- _Source records_:
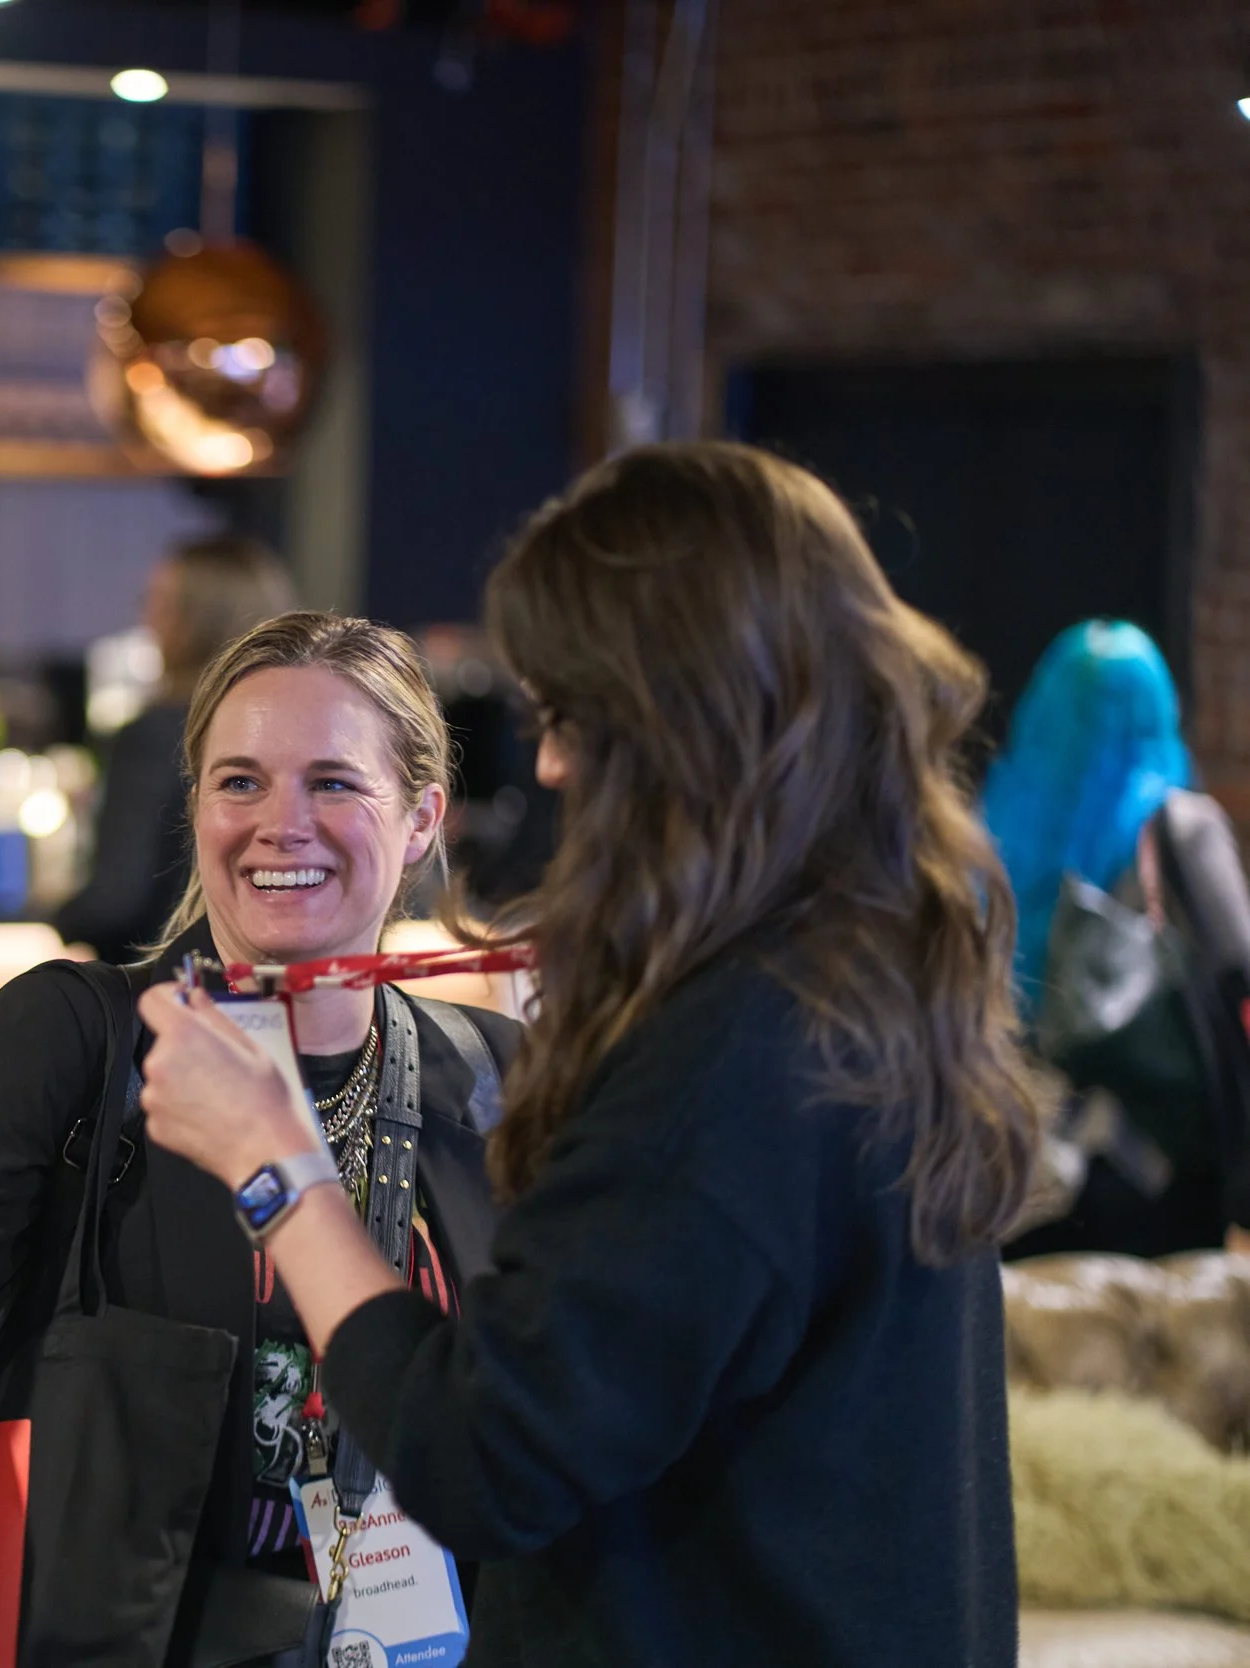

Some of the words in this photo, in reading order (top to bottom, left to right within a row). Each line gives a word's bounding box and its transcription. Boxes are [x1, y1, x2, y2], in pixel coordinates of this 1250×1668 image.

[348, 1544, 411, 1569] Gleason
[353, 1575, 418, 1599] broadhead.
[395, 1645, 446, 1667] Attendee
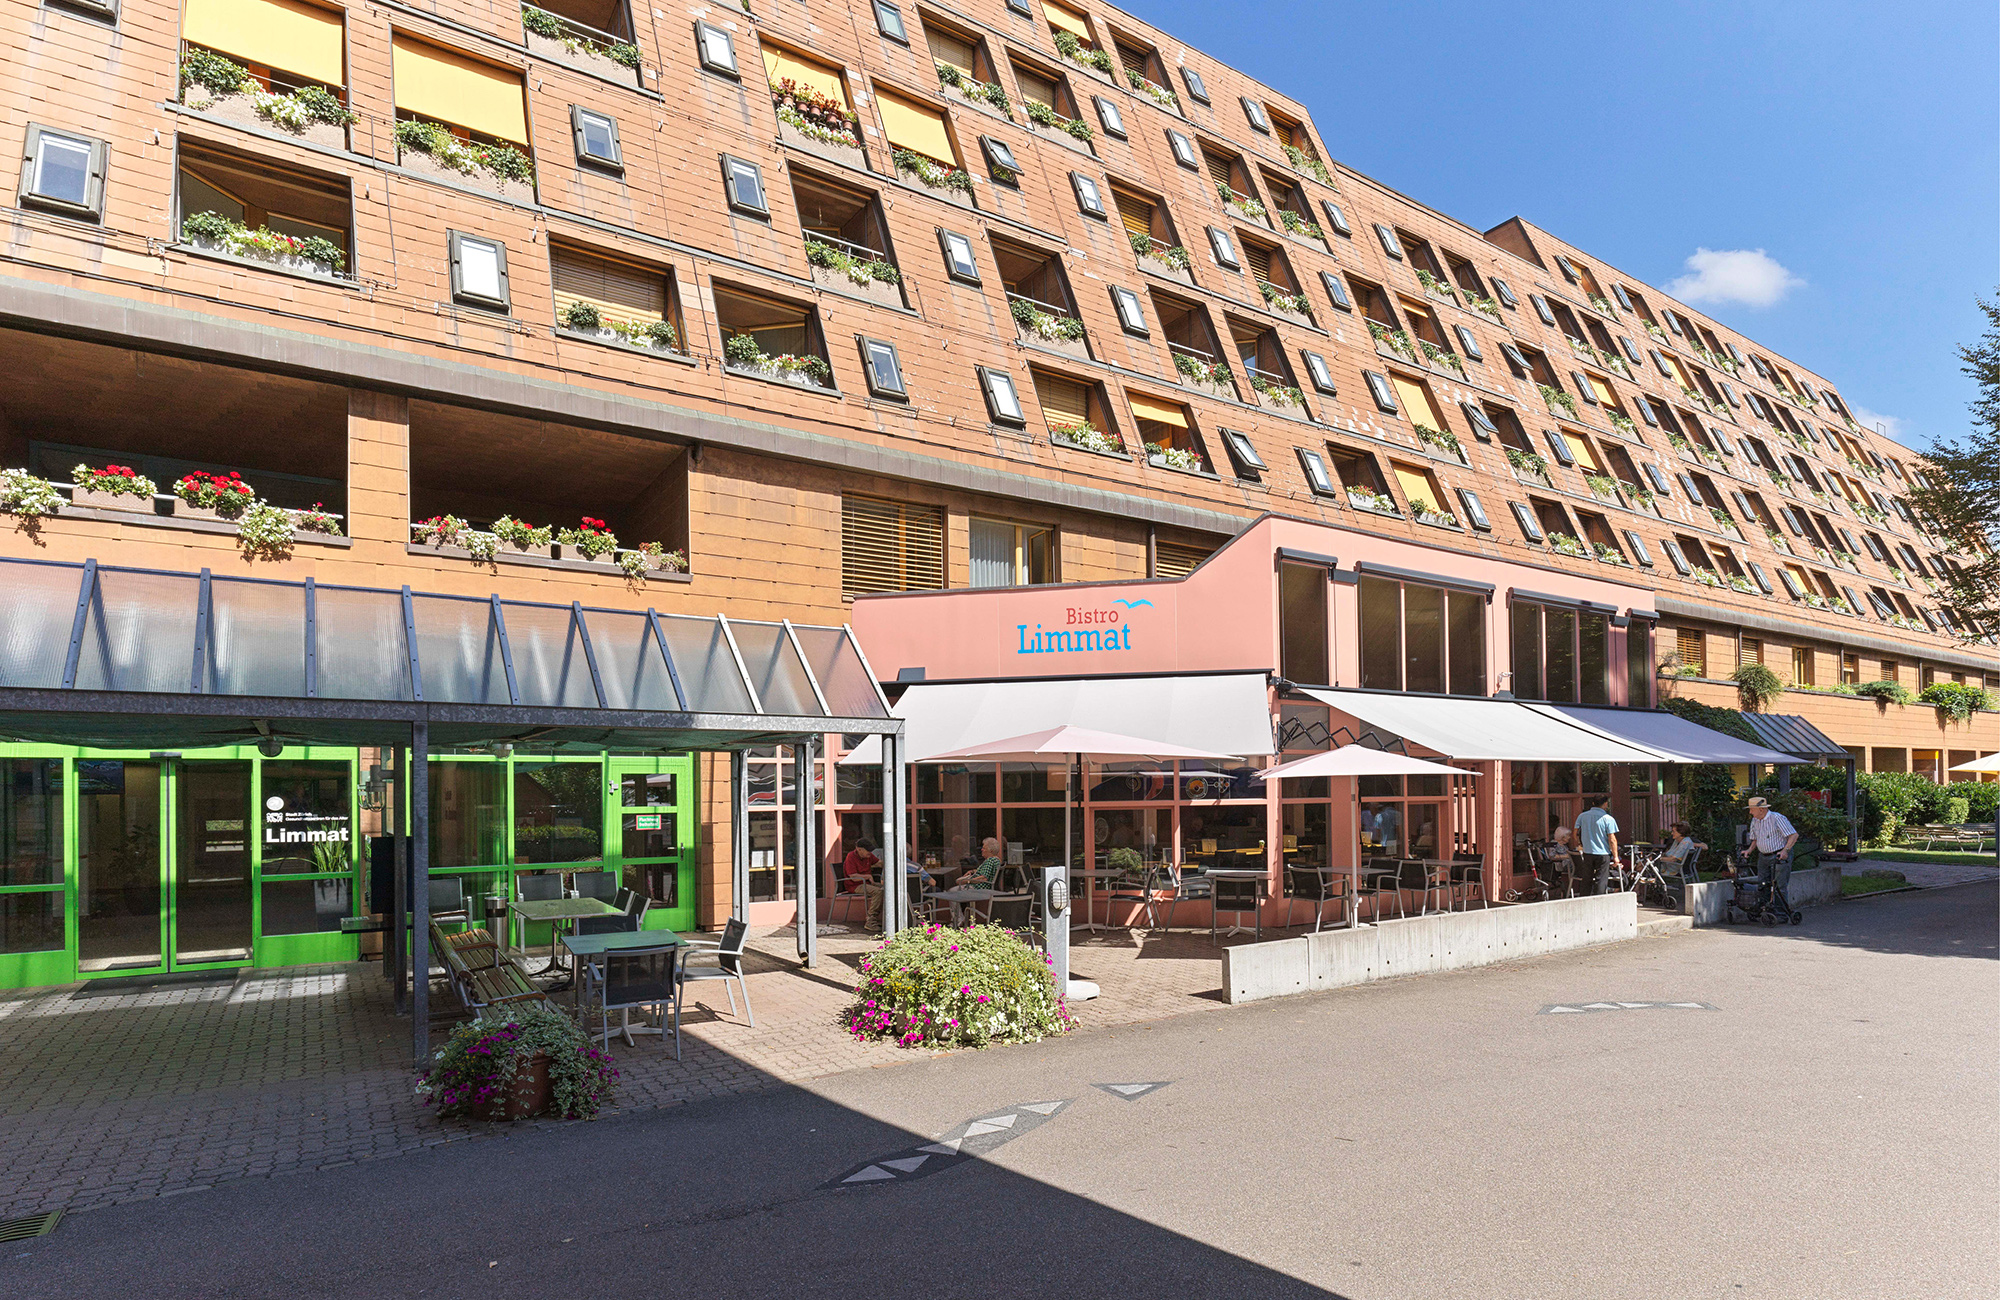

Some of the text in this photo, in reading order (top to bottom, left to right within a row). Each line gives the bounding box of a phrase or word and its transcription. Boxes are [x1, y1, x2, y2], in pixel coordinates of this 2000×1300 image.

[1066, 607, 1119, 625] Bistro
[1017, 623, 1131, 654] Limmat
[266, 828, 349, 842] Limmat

- _INSTRUCTIONS FOR THE TASK_:
Please repeat every record above exactly, leaving the pictures out.

- _EXERCISE ANSWER_:
Some of the words in this photo, in reading order (top to bottom, left to right within a row). Each line gives a word's bounding box and its transcription. Boxes are [x1, y1, x2, y2], in pixel coordinates of this 1250×1668 image.

[348, 1544, 411, 1569] Gleason
[353, 1575, 418, 1599] broadhead.
[395, 1645, 446, 1667] Attendee

Some of the text in this photo, in reading order (top to bottom, left to right within a row). Each line gives the bounding box of a phrase or word and its transcription. Boxes are [x1, y1, x2, y2], in pixel coordinates of this 2000×1300 image.

[1066, 607, 1119, 625] Bistro
[1017, 623, 1131, 654] Limmat
[266, 828, 349, 842] Limmat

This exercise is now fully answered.